Gains currently being made in West German education for democracy “must be multiplied many times over” to beat back and eliminate the resurging challenge of neo-Nazism and anti-Semitism, Dr. John Slawson, of New York, executive vice-president of the American Jewish Committee and guest of the Berlin Senate, urged here today.
“The Berlin Wall is a dramatic, tragic, frontier of democracy. The home dining-room table and the school-room bench are much less prominent terrain, but the critical conflicts for the minds of youth take place there daily, ” he said. It is an illusion to believe that one can win the long-range struggle symbolized by the Berlin Wall unless, at the same time, democracy becomes visceral and not just verbal among German youth.”
Dr. Slawson addressed a conference here of West German educators for promotion of political and civic education and international understanding. The parley brought together about 60 German teachers, school administrators and experts from the 11 leander(states) who, since 1960, have participated in 10 missions to the United States for study of American outlook and methods of civic education.

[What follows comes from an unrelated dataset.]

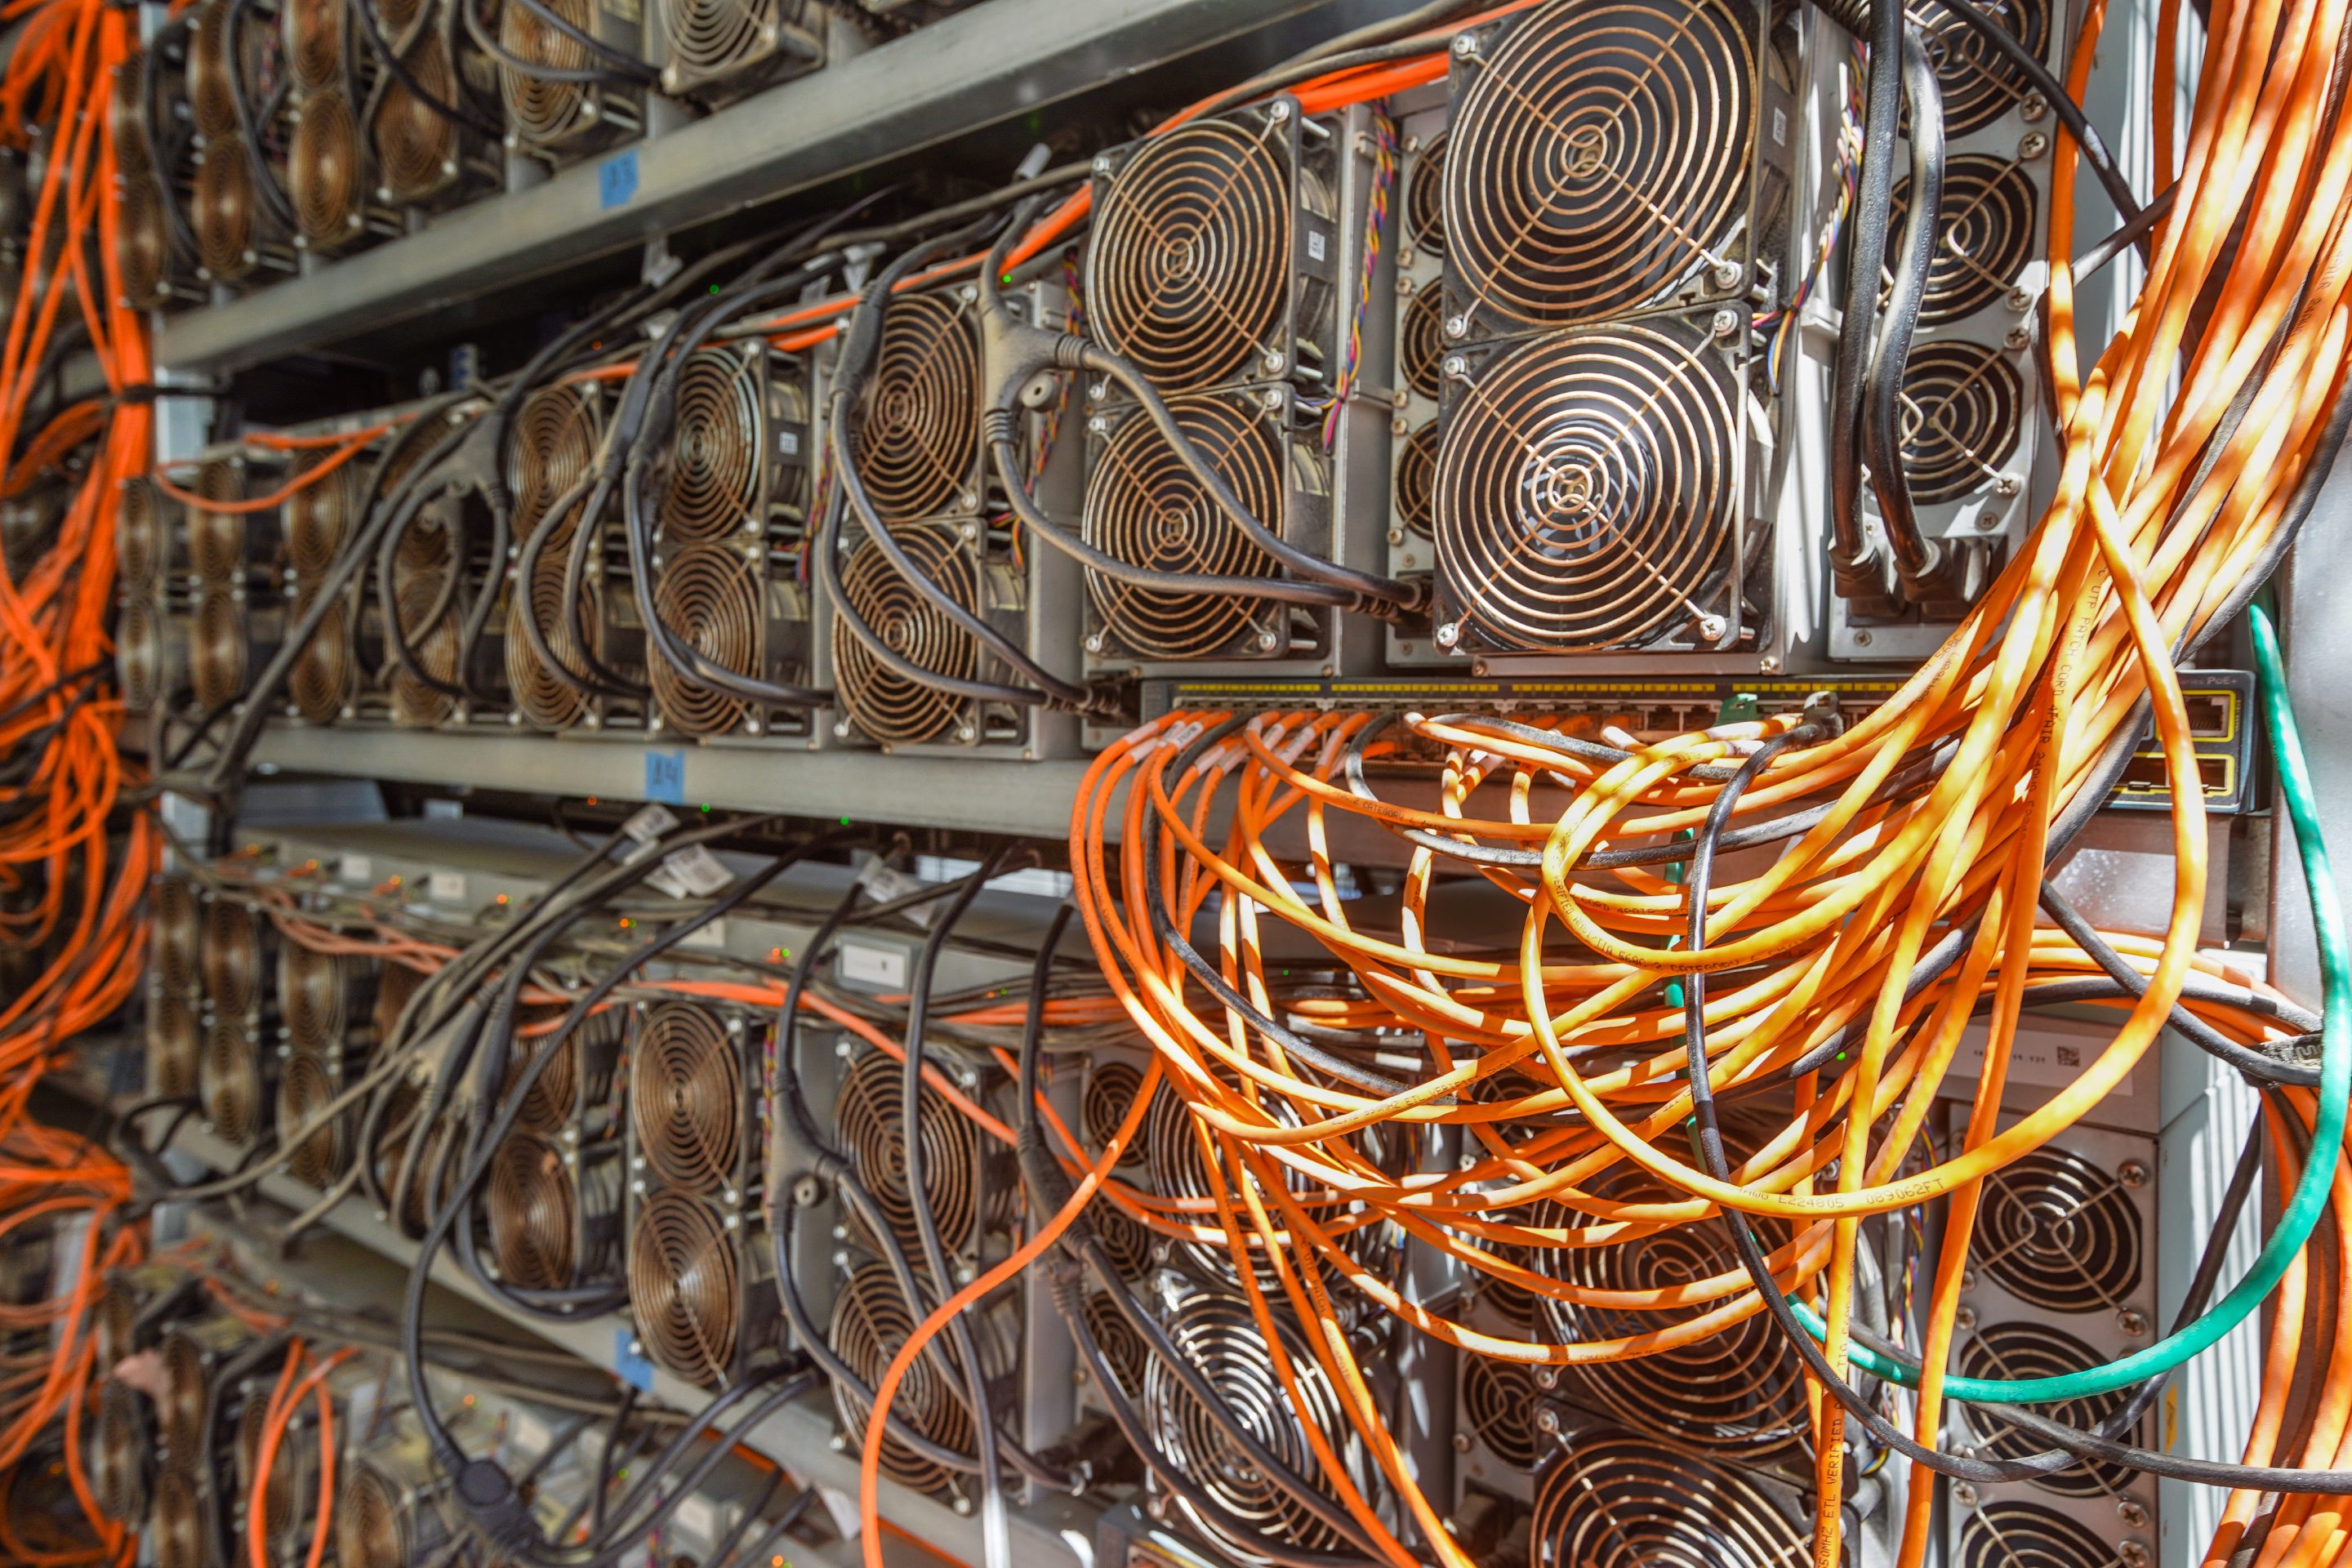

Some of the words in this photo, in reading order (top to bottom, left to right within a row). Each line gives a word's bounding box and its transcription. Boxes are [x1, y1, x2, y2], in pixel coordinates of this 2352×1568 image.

The educators found that, as perturbing as the right-radical advance recently reported by the Federal Ministry of the Interior and neo-Nazi election gains in Bavaria, is the evidence that only 20 percent of West German youth intensively desire the democratic system and are ready to resist danger to it; 40 percent are in favor of democratic form; while another 20 percent desire autocracy, and 4 percent even prefer dictatorship.
“If you can succeed in overcoming such skepticism to democracy among the younger generation and win its commitment, then neo-Nazism and ultra-nationalism will be taken care of automatically, ” Dr. Slawson told the conference. “For this to happen, however, German teaching about democracy has to become the living of democracy, for it is the living situation that counts. Fundamental to this and to genuine inter-group understanding is the concept of the sanctity of the human person. This is basic; all the rest is commentary,” Dr. Slawson affirmed.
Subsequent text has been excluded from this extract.